Gereja sebagai Komunitas Tubuh Kristus

Sabtu, 9 November 2019 – Pesta Pemberkatan Basilik Lateran

46

Yohanes 2:13-22

Ketika hari raya Paskah orang Yahudi sudah dekat, Yesus berangkat ke Yerusalem. Dalam Bait Suci didapati-Nya pedagang-pedagang lembu, kambing domba dan merpati, dan penukar-penukar uang duduk di situ. Ia membuat cambuk dari tali lalu mengusir mereka semua dari Bait Suci dengan semua kambing domba dan lembu mereka; uang penukar-penukar dihamburkan-Nya ke tanah dan meja-meja mereka dibalikkan-Nya. Kepada pedagang-pedagang merpati Ia berkata: “Ambil semuanya ini dari sini, jangan kamu membuat rumah Bapa-Ku menjadi tempat berjualan.” Maka teringatlah murid-murid-Nya, bahwa ada tertulis: “Cinta untuk rumah-Mu menghanguskan Aku.” Orang-orang Yahudi menantang Yesus, katanya: “Tanda apakah dapat Engkau tunjukkan kepada kami, bahwa Engkau berhak bertindak demikian?” Jawab Yesus kepada mereka: “Rombak Bait Allah ini, dan dalam tiga hari Aku akan mendirikannya kembali.” Lalu kata orang Yahudi kepada-Nya: “Empat puluh enam tahun orang mendirikan Bait Allah ini dan Engkau dapat membangunnya dalam tiga hari?” Tetapi yang dimaksudkan-Nya dengan Bait Allah ialah tubuh-Nya sendiri. Kemudian, sesudah Ia bangkit dari antara orang mati, barulah teringat oleh murid-murid-Nya bahwa hal itu telah dikatakan-Nya, dan mereka pun percayalah akan Kitab Suci dan akan perkataan yang telah diucapkan Yesus.

***

Pesta Pemberkatan Basilik Lateran dan Injil hari ini mengajak saya untuk bertanya lebih jauh mengenai pengertian Gereja. Gereja bukanlah semata-mata bangunan ataupun gedung, melainkan komunitas umat beriman dalam satu pengakuan iman sebagaimana diungkapkan dalam Syahadat Aku Percaya. Saya semakin antusias ketika menemukan gagasan bahwa Gereja adalah komunitas Tubuh Kristus dalam Roh Kudus. Apa artinya? Tulisan Mgr. Ignasius Suharyo berikut ini kiranya dapat memberi pengertian tentang hal itu.

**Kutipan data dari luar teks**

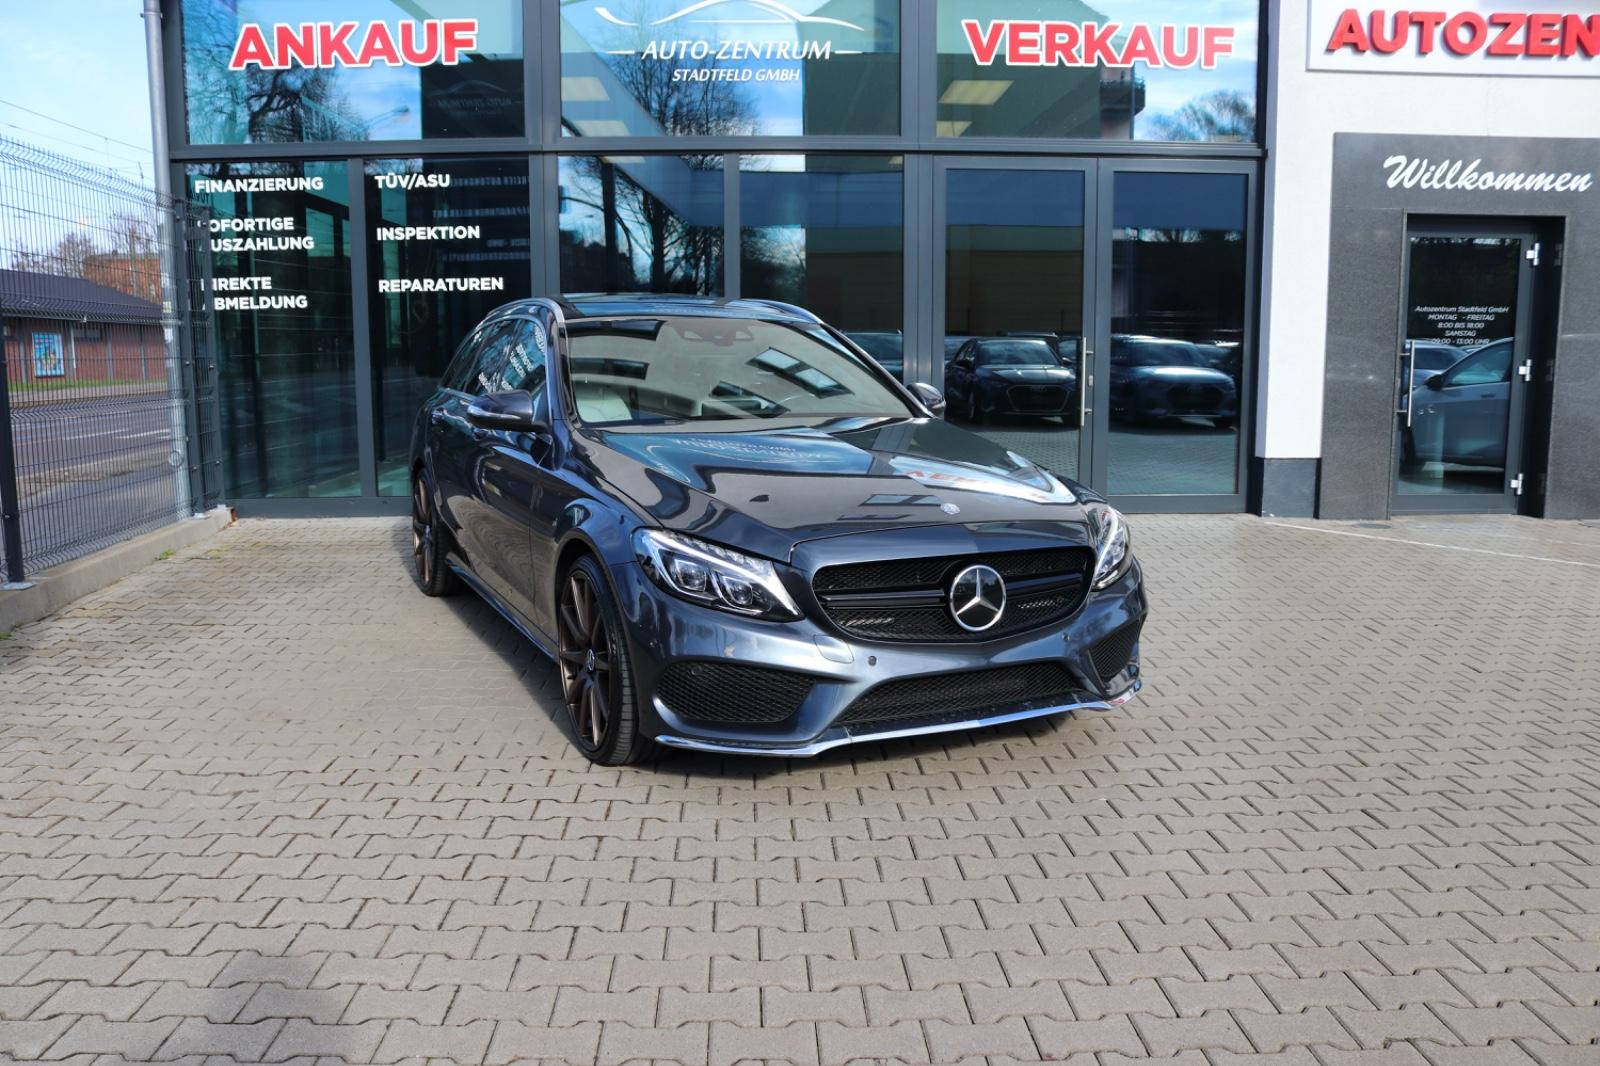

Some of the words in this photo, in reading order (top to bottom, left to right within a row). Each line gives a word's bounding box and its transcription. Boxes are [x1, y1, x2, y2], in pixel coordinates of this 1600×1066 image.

[1328, 9, 1600, 57] AUTOZEN
[229, 18, 479, 71] ANKAUF
[641, 40, 831, 60] AUTO-ZENTRUM
[962, 19, 1236, 70] VERKAUF
[672, 69, 752, 82] STADTFELD
[755, 68, 800, 82] GMBH
[375, 173, 450, 190] TÜV/ASU
[1383, 155, 1594, 192] Willkommen
[194, 176, 325, 194] FINANZIERUNG
[197, 217, 294, 233] OFORTIGE
[376, 226, 480, 241] INSPEKTION
[199, 236, 315, 252] USZAHLUNG
[378, 277, 503, 293] REPARATUREN
[202, 295, 308, 311] BMELDUNG

“Dalam Ekaristi, dua kali Roh Kudus dimohonkan kedatangannya. Pertama, daya Roh Kudus dimohon turun atas roti dan anggur agar roti dan anggur ini menjadi Tubuh dan Darah Kristus. Kedua, ketika kita memohon agar Roh Kudus mengubah komunitas yang telah dikenyangkan oleh Tubuh dan Darah Kristus menjadi satu Tubuh dan satu Roh dalam Kristus.

Gereja tidak bisa menjadi komunitas Tubuh Kristus dengan kekuatannya sendiri. Oleh karena itu, Gereja menyandarkan diri pada karya Roh Kudus. Roh Kudus ini mencurahkan berbagai anugerah kepada anggota-anggota tubuh untuk kebaikan seluruh tubuh. Kesatuan yang merupakan karya Roh Kudus tidak terbatas pada umat setempat. Karena Roh itu satu, umat setempat dimasukkan ke dalam suatu persekutuan yang meliputi seluruh Gereja.

Kesatuan kita mengatasi atau melampaui batas-batas etnis, budaya politik, atau batas-batas apa pun. Disebutnya nama paus dan uskup setempat mengungkapkan kesatuan universal itu. Sebagai bangsa atau bahkan sebagai warga umat manusia, kita terus mencari jalan untuk semakin bersaudara. Bahaya untuk pecah dan saling bermusuhan amatlah nyata. Benih-benih perpecahan itu ada dalam diri semua orang.

Menghayati Ekaristi berarti hidup dengan cara-cara baru yang ditunjukkan oleh Roh Kudus untuk mengembangkan komunitas-komunitas ekumenis, komunitas antarbudaya, komunitas dialog antariman, dan tentu saja komunitas religius. Kalau kebangkitan Kristus dan anugerah Roh Kudus mengatasi tembok-tembok pemisah, kita berharap juga dapat mengembangkan persaudaraan di negeri ini, di masyarakat ini, di keluarga atau komunitas ini.”

Saudara-saudari sekalian, saya dan Anda adalah Gereja. Sebagai Tubuh Kristus, kita harus siap sedia menerima berkat dan dibagi-bagikan kepada semua orang.